─── Exercise inputs

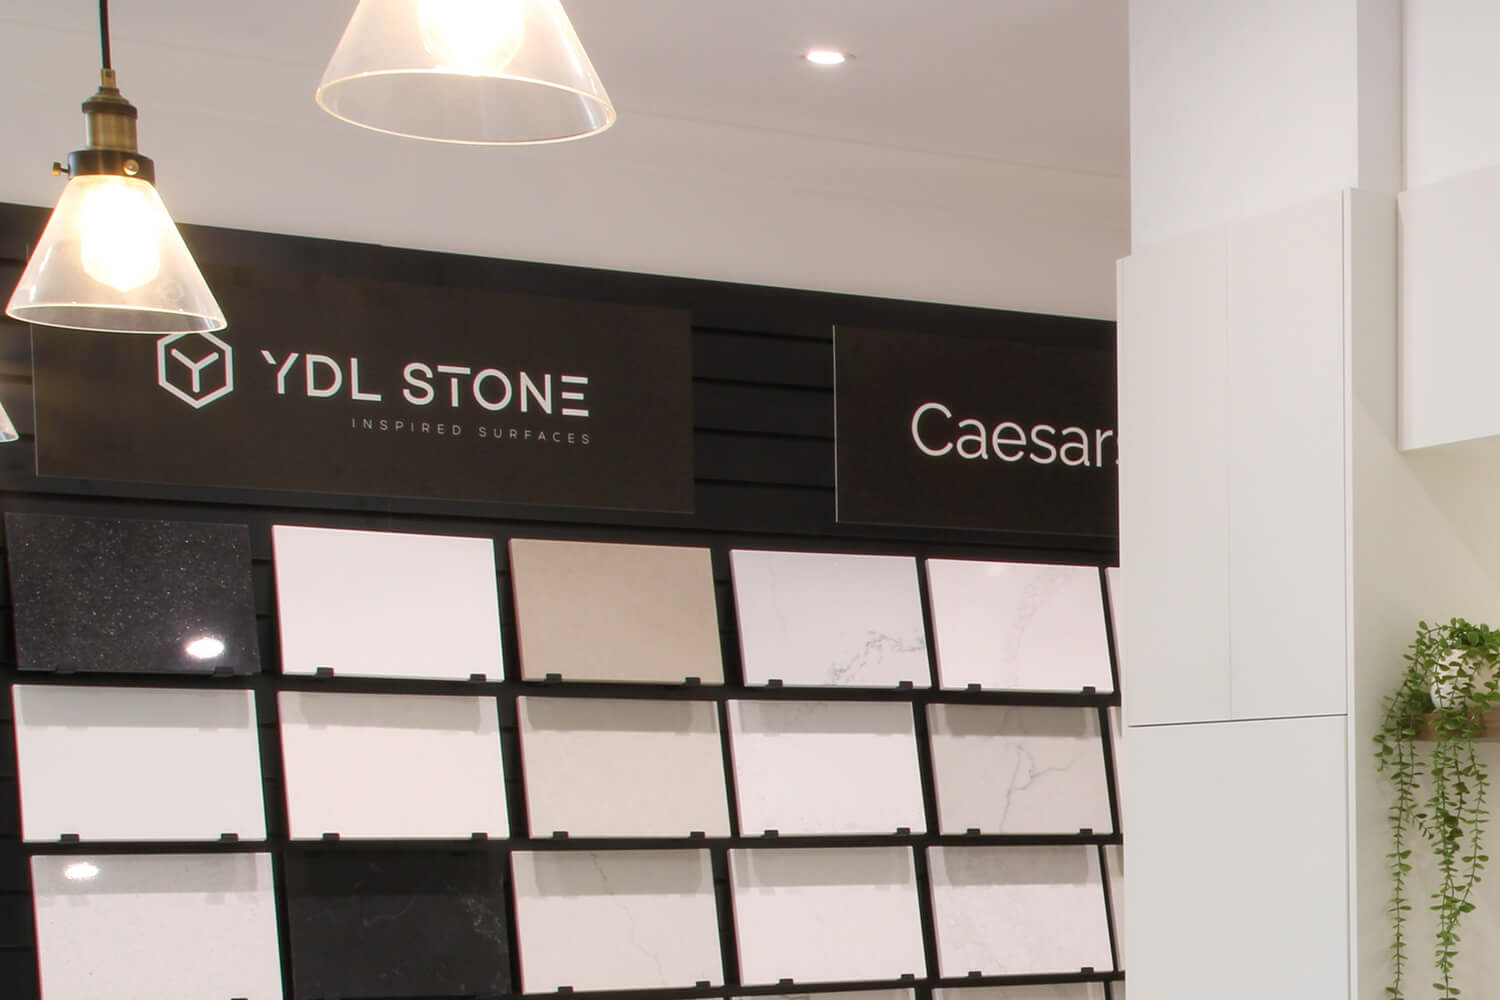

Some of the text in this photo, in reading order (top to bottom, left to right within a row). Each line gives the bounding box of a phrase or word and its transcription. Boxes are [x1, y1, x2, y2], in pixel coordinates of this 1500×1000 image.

[260, 349, 590, 417] YDL STONE
[351, 417, 591, 446] INSPIRED SURFACES
[911, 402, 1119, 467] Caesar
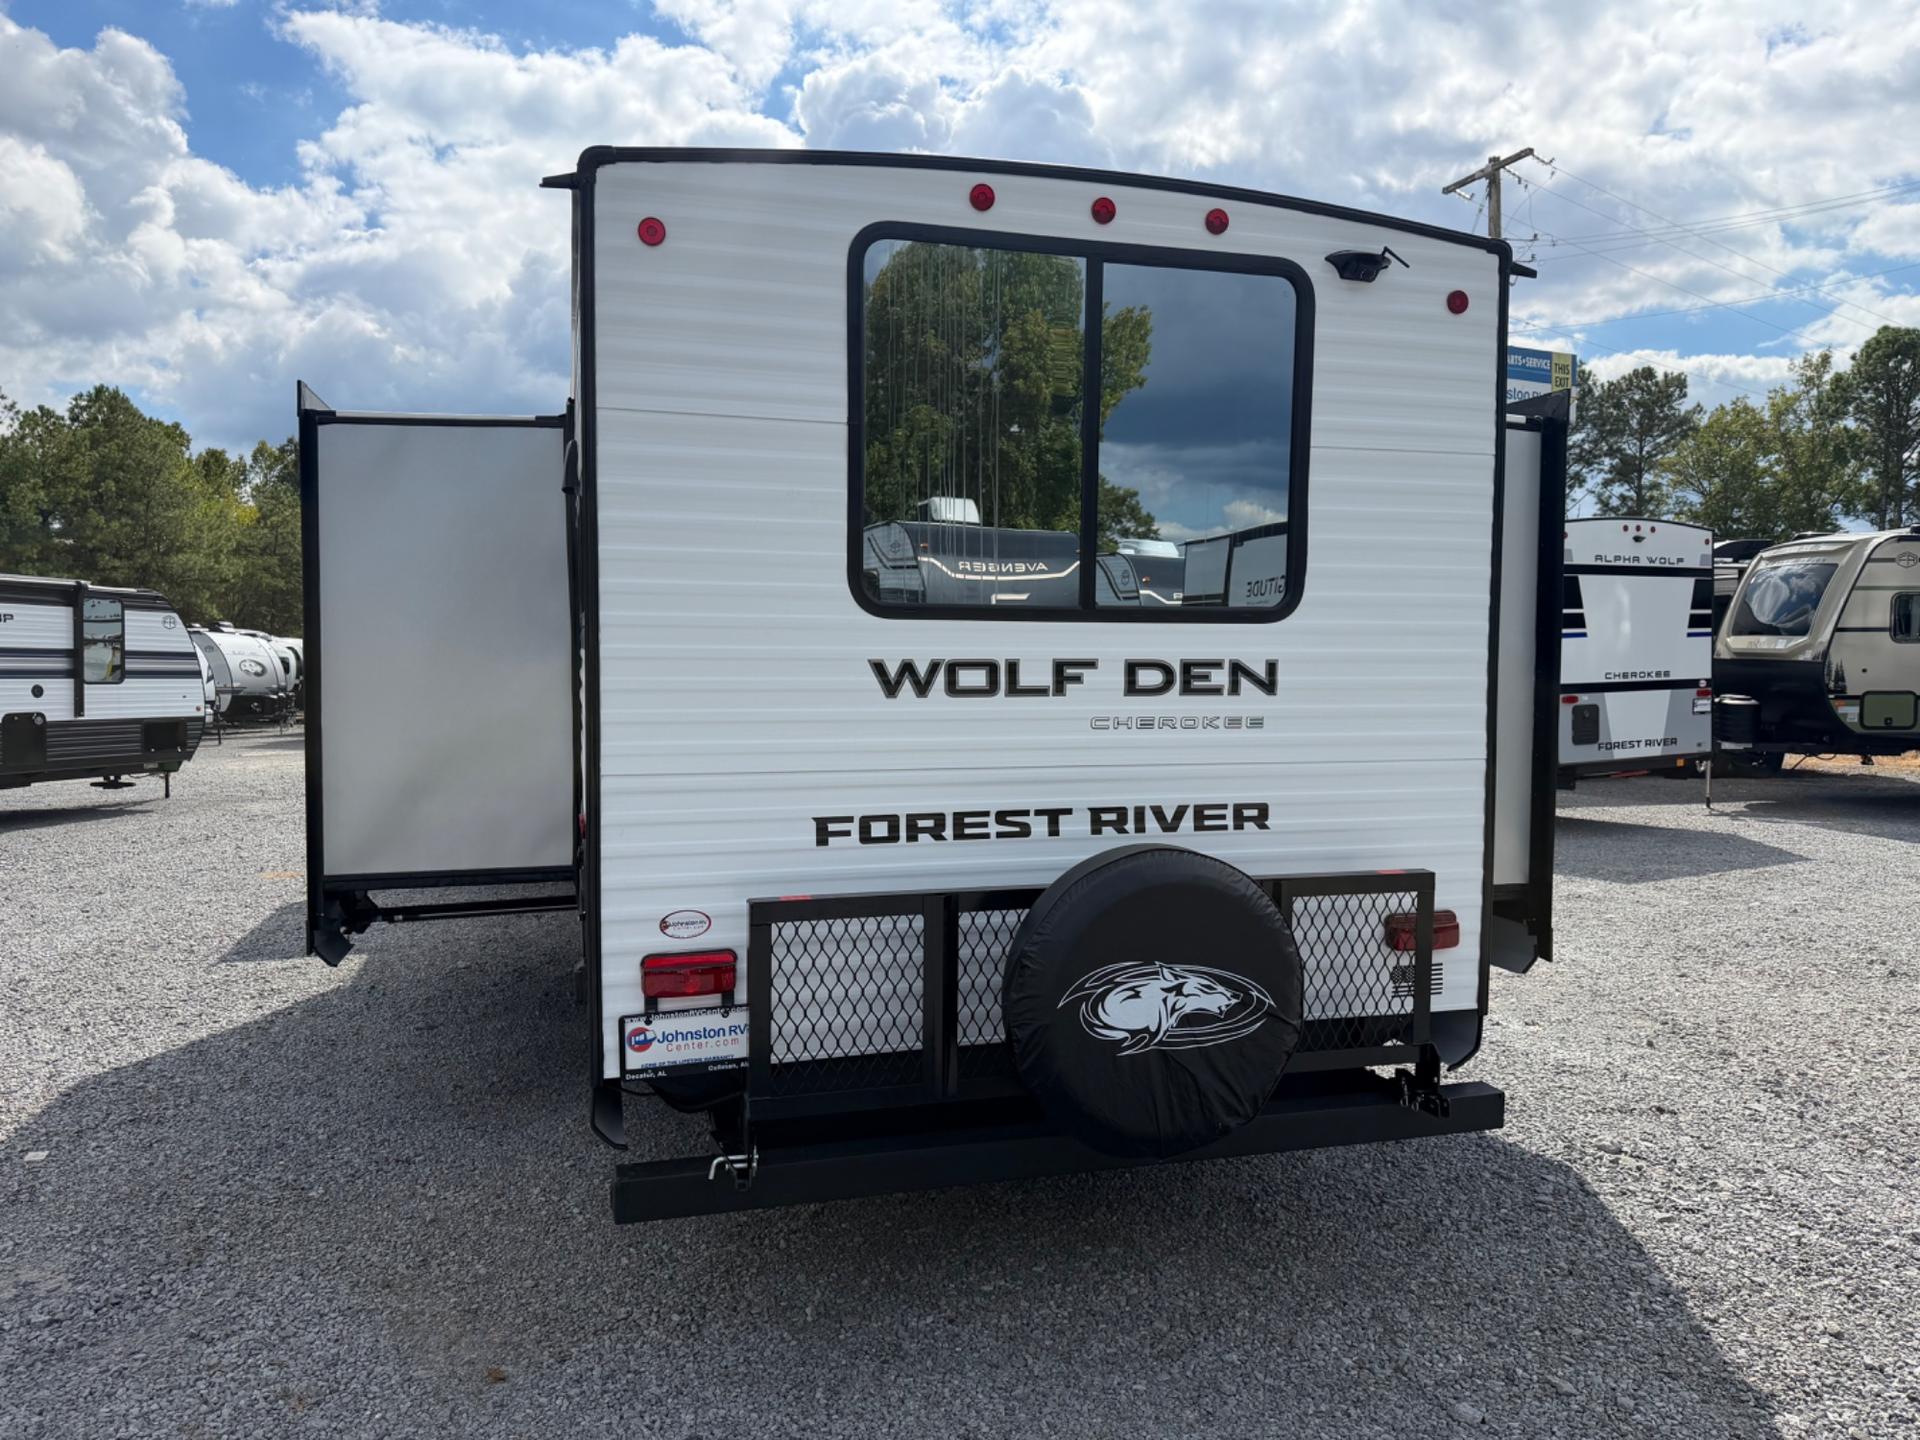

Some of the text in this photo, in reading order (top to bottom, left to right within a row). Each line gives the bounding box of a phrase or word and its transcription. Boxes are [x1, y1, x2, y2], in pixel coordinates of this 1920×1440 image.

[1554, 363, 1570, 376] THIS
[1554, 376, 1570, 388] EXIT
[1594, 554, 1685, 565] ALPHA WOLF
[868, 658, 1279, 699] WOLF DEN
[1605, 670, 1671, 680] CHEROKEE
[1090, 715, 1265, 730] CHEROKEE
[1597, 737, 1678, 752] FOREST RIVER
[812, 802, 1271, 847] FOREST RIVER
[657, 1023, 747, 1044] Johnston RV
[666, 1037, 739, 1052] Center.com
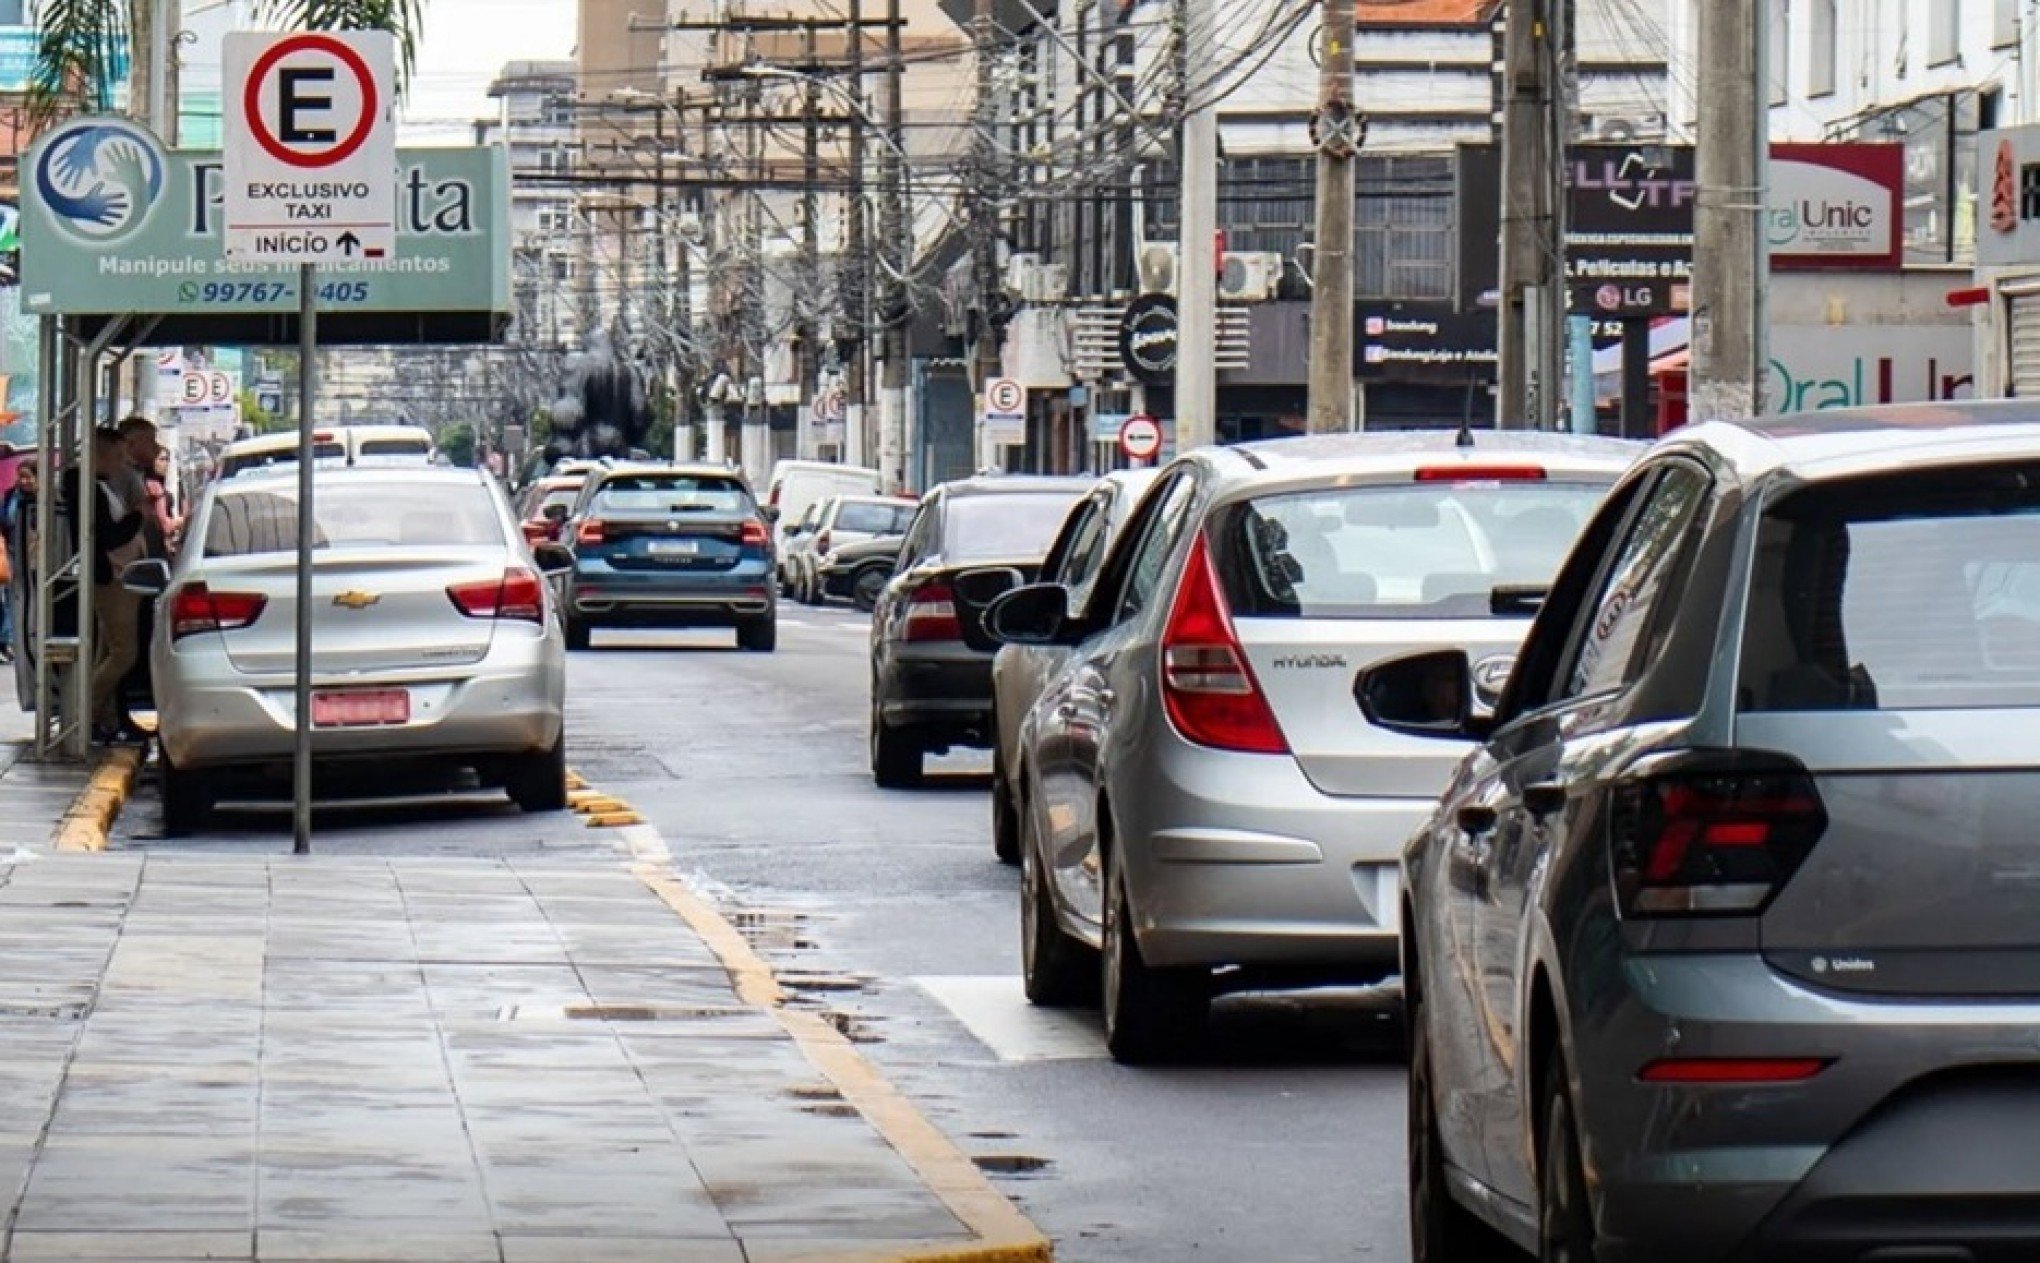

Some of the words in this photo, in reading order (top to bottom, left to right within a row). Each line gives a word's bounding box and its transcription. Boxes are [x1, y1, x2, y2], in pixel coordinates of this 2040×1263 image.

[279, 68, 337, 143] E
[247, 182, 370, 200] EXCLUSIVO
[285, 202, 333, 219] TAXI
[1802, 200, 1872, 228] Unic
[255, 231, 328, 254] INÍCIO
[100, 255, 206, 279] Manipule
[203, 282, 369, 302] 99767-405
[1624, 287, 1652, 306] LG
[1000, 386, 1012, 405] E
[1273, 654, 1347, 669] HYUNDAI

──────

• _Exercise_
Copy out the whole listing word for word, except for any picture it includes.

• _Answer space_
Some of the text in this photo, in reading order (top to bottom, left to right within a row). Each line gives the bounding box of a phrase or word and its transcription. Boxes are [x1, y1, x2, y2], in pixel coordinates of this 1500×1000 image.

[260, 349, 590, 417] YDL STONE
[351, 417, 591, 446] INSPIRED SURFACES
[911, 402, 1119, 467] Caesar

Some of the text in this photo, in reading order (top to bottom, left to right within a row). Each line gives the bounding box of a phrase or word and its transcription. Boxes are [x1, y1, x2, y2], in pixel coordinates of this 1920×1440 image.

[1554, 363, 1570, 376] THIS
[1554, 376, 1570, 388] EXIT
[1594, 554, 1685, 565] ALPHA WOLF
[868, 658, 1279, 699] WOLF DEN
[1605, 670, 1671, 680] CHEROKEE
[1090, 715, 1265, 730] CHEROKEE
[1597, 737, 1678, 752] FOREST RIVER
[812, 802, 1271, 847] FOREST RIVER
[657, 1023, 747, 1044] Johnston RV
[666, 1037, 739, 1052] Center.com

Some of the words in this photo, in reading order (top to bottom, left to right within a row). Each line gives a word's bounding box and its transcription. Boxes are [x1, y1, x2, y2], in pixel coordinates of this 2040×1263 image.

[279, 68, 337, 143] E
[247, 182, 370, 200] EXCLUSIVO
[285, 202, 333, 219] TAXI
[1802, 200, 1872, 228] Unic
[255, 231, 328, 254] INÍCIO
[100, 255, 206, 279] Manipule
[203, 282, 369, 302] 99767-405
[1624, 287, 1652, 306] LG
[1000, 386, 1012, 405] E
[1273, 654, 1347, 669] HYUNDAI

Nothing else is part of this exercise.